Martin Walser über Hostien, seine katholische Kindheit, Karl Barth und den Rücktritt des Papstes.

"Ich bin halt ein blühendes Grab. Basta"

Martin Walser ist Jahrgang 1927 und damit genauso alt wie der emeritierte Papst Benedikt. Im domradio.de Interview spricht er über den Rücktritt des Papstes und sein neues Buch.

Martin Walser "Meßmers Momente" / © Philippe Matsas Opale
Martin Walser "Meßmers Momente" / © Philippe Matsas Opale

"Ich finde es wunderbar, wie das passierte. Es hat mich tief beeindruckt, dass jemand sein eigenes Schicksal in die Hand nimmt, und sei er Papst, und sagt, jetzt gehe ich. Ich fand es enorm, dass er nicht durchgezittert hat bis zum Ende. Das war eine reine, schöne Entscheidung", sagt Walser.

In seinem neuen Buch: „Meßmers Momente“ geht es auch um die Seele, den Sinn und die Sehnsucht. "Meine Lippen sehnen sich / nach einer Hostie /  mit der die Welt zergeht", schreibt Walser und sagt: "Das ist ein Urerlebnis aus der Kindheit. Die Hostie hatte eine unheimliche Strahlkraft und eine bannende Bedeutung, und so etwas wirkt als Bild nach“. Martin Walser ist katholisch.
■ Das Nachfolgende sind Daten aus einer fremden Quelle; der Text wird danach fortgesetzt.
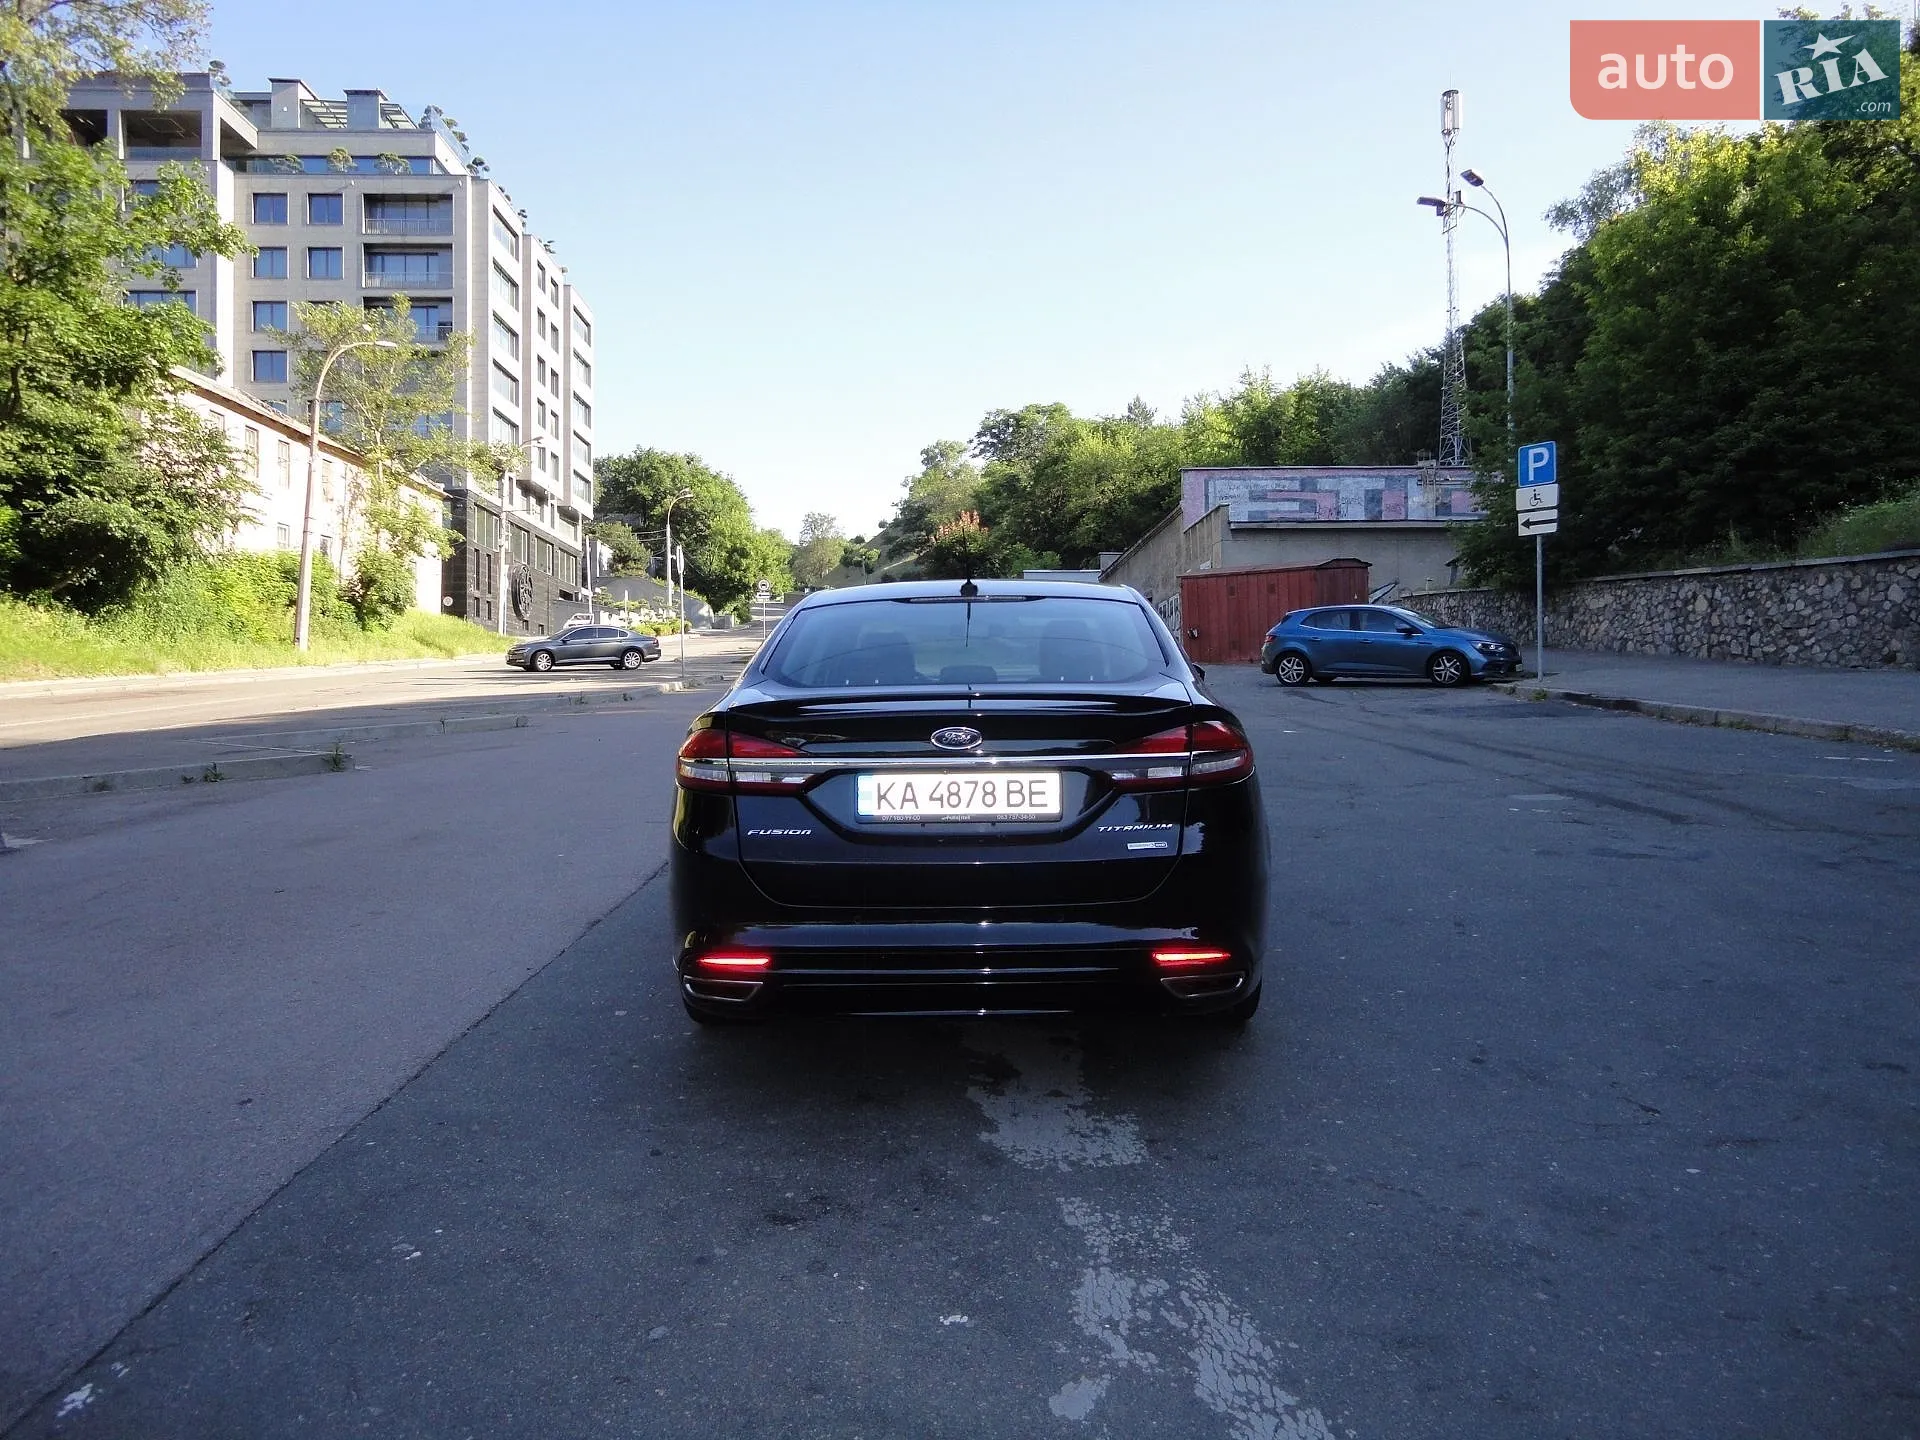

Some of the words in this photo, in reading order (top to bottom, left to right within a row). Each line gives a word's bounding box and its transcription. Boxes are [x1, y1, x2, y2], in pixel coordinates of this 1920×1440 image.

Er sagt aber auch von sich, er sei „ein katholischer Krüppel“. Seine Mutter habe ihm eine katholische Angst-Religion vermittelt: "Selbst am Ende hat ihre Angst nicht nach gelassen. Mein Eindruck ist, dass ihre Angst unbesiegbar blieb. Ich hatte gedacht, sie könnte ein bisschen ruhiger aufhören". 

Dann schwärmt Walser aber auch über den Pfarrer seiner Kindheit, der seine Beziehung zur Liturgie geprägt hat: "Dieser Pfarrer war schüchtern, der war überhaupt nicht auftretkräftig, er war kein toller Prediger, aber der war die richtige Liturgie, der war so in sich versunken, dass man gedacht hat, da findet die Wandlung wirklich statt. Und deswegen ist er für mich ewig der richtige Pfarrer geblieben, der sich nicht, wie das heute üblich ist, dem Publikum zuwendet und alles macht, dass es so eine halbe Talkshow wird".  

Gott fehlt ihm

Martin Walser hat immer wieder betont, dass ihm Gott fehlt, er sagt: "Mithilfe des mächtigen Wortgebers Karl Barth wurde mir mein Mangel buchstabierbar. Karl Barth hat mich auch ermutigt, weil er den Glaubensvorgang als Prozess und nicht als Formel erlebbar macht. Er hat mich ermutigt, meine eigenen Bewegungen nachhallen zu lassen“. In "Meßmers Momente" schreibt Walser: "Viele Bäume wachsen in meinem Kopf, / die in der Welt nicht mehr wachsen. / Ausgestorbenes ist in mir zu Haus. / Ich bin ein blühendes Grab". Im domradio.de Interview ergänzt Walser: "Auch Gräber können noch von etwas kund tun, auch ein Grab ist nichts stilles, sondern ich bin halt ein blühendes Grab. Basta".